Sementara banyak Rohingya ingin segera kembali ke desa mereka, Forsyth mencatat bahwa tidak ada yang dia temui saat berkunjung ke kamp pengungsi Bangladesh mengatakan mereka akan kembali sekarang.
Di tempat lain dalam sambutannya, pejabat PBB tersebut mendesak pemerintah Myanmar untuk mengizinkan akses organisasi internasional ke semua area yang terkena dampak krisis tersebut.
Berbicara dari kamp pengungsi Kutapalong di Bangladesh selatan pada hari Rabu, Forsyth mengatakan bahwa banyak pengungsi masih trauma dengan pengalaman mereka.
“Sangat penting bahwa hak dan kebutuhan mereka dalam hal perlindungan dan bantuan ada di depan dan dalam kesepakatan untuk mengembalikan keluarga ke Myanmar.

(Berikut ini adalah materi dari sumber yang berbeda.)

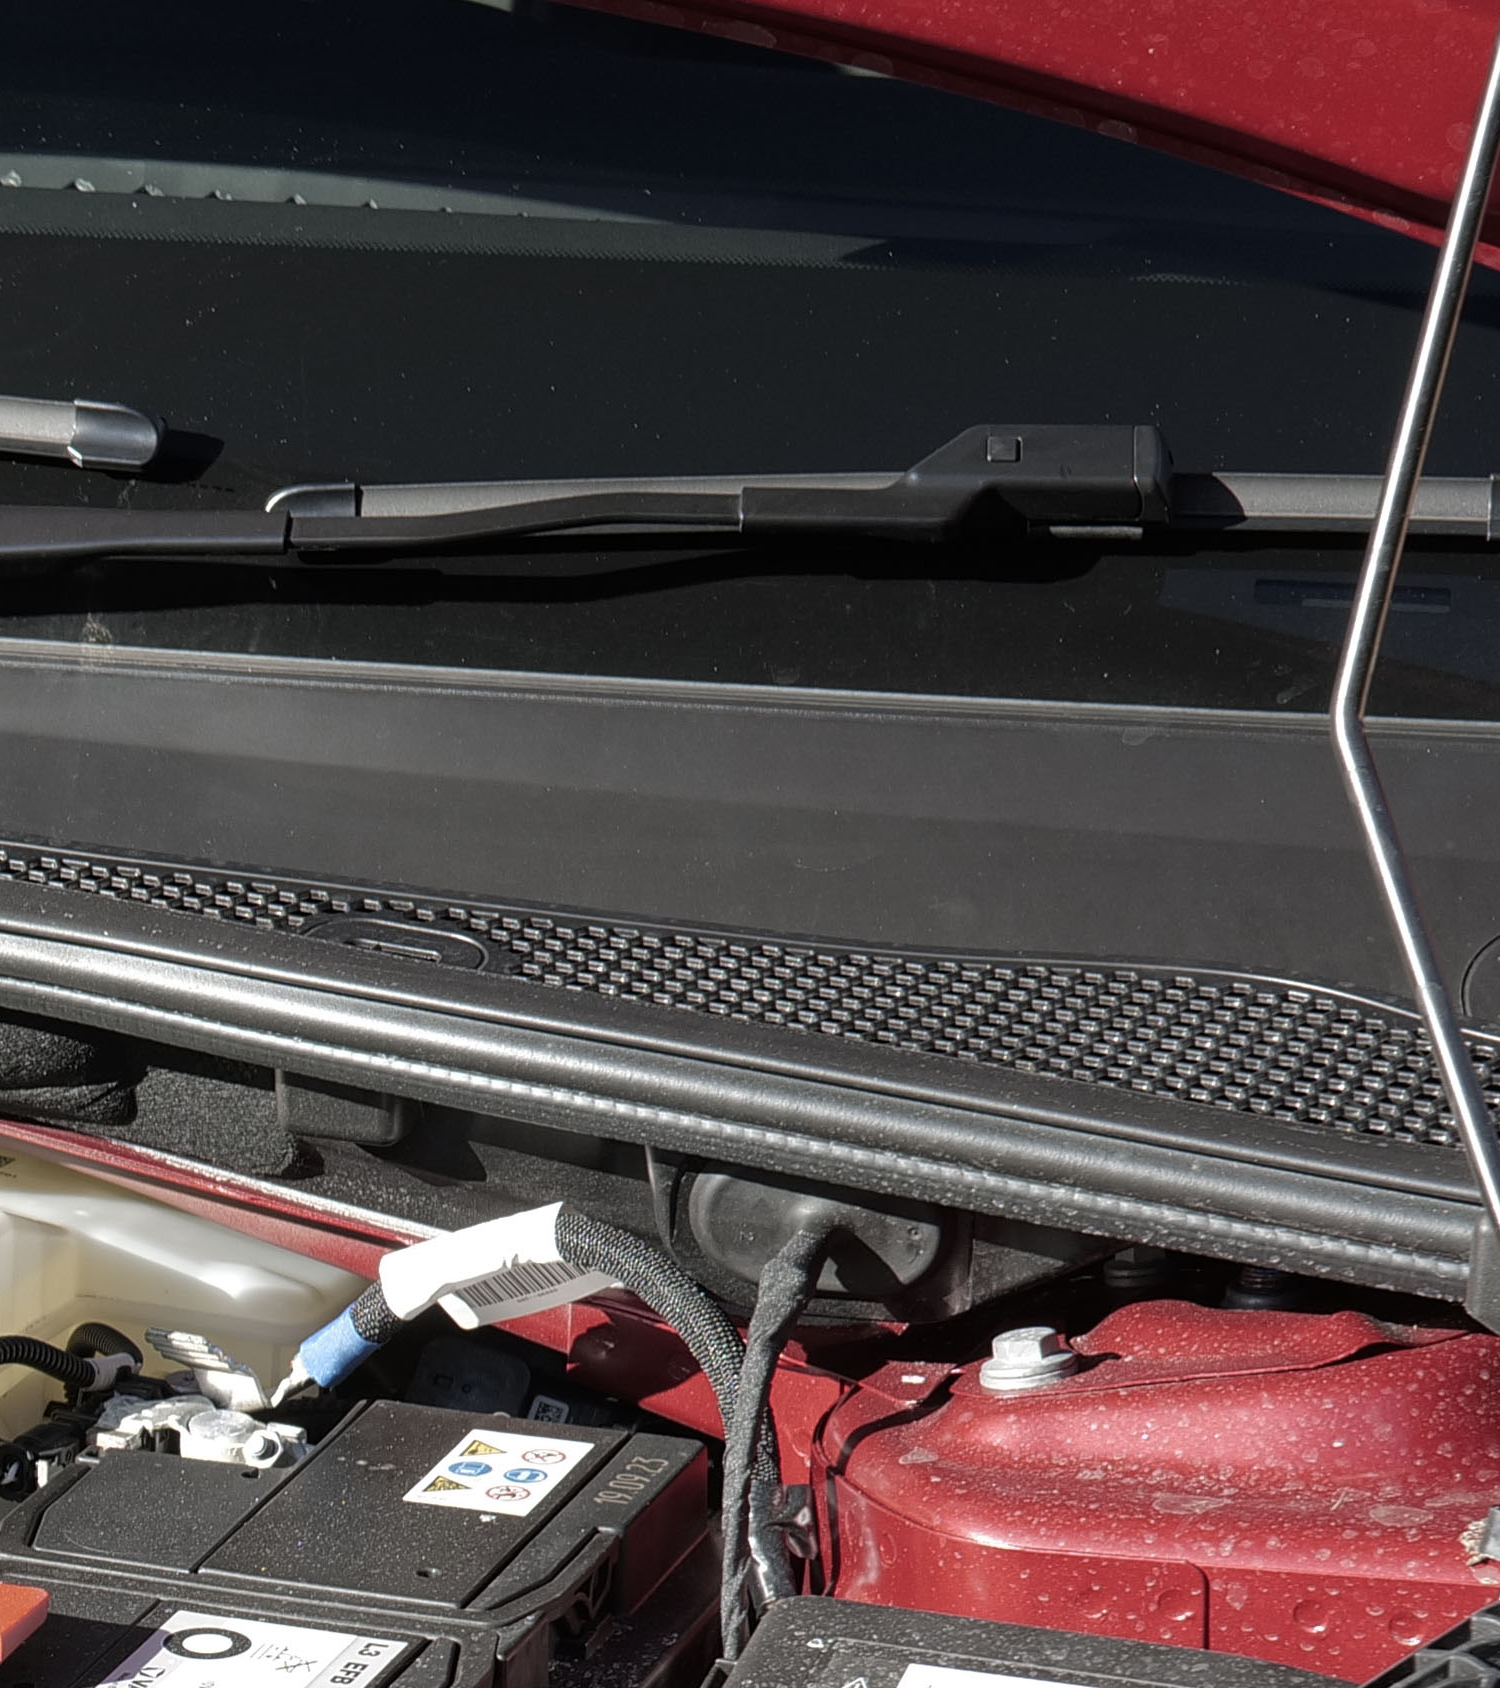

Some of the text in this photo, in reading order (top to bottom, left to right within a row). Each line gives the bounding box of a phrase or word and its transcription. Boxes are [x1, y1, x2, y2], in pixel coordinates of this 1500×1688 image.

[593, 1455, 670, 1505] 19.09.23
[357, 1642, 389, 1657] L3
[329, 1661, 369, 1685] EFB

Pengembalian pengungsi ke Myanmar harus bersifat sukarela, aman dan bermartabat,” katanya.
Dalam sebuah perkembangan terpisah, Bill Richardson, mantan diplomat AS, mengundurkan diri dari sebuah panel internasional mengenai krisis Rohingya, yang dibentuk oleh pemimpin de facto Myanmar Aung San Suu Kyi.

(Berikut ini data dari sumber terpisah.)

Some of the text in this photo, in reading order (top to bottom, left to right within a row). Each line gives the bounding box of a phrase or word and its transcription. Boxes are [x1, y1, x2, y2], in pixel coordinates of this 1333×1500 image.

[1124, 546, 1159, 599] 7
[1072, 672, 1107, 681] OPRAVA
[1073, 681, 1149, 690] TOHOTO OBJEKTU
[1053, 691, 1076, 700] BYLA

Dia menuduh Suu Kyi kekurangan kepemimpinan moral, “Dia menyalahkan semua masalah yang dihadapi Myanmar di media internasional, di PBB, mengenai kelompok hak asasi manusia, pada pemerintah lain, dan saya pikir ini disebabkan oleh gelembung yang ada di sekitarnya, oleh individu yang tidak memberikannya saran secara jujur, “Richardson, yang pernah menjadi teman dekat Suu Kyi, mengatakan pada hari Rabu di Yangon, kota terbesar di Myanmar.
Richardson mengatakan Suu Kyi tampaknya menginginkan kelompok penasihat internasional beranggota 10 orang tersebut untuk mendukung kebijakannya.
“Saya tidak akan menjadi bagian dari itu karena saya pikir ada masalah serius tentang pelanggaran hak asasi manusia, keamanan, kewarganegaraan, perdamaian dan stabilitas yang perlu ditangani,” kata Richardson, menambahkan, “Saya hanya merasa bahwa saran saya dan Penasehat tidak akan diindahkan. ”
Sementara itu Bangladesh telah menunda pemulangan bertahap, yang dijadwalkan dimulai pada hari Selasa, di tengah kekhawatiran bahwa para pengungsi dapat dipaksa untuk pergi.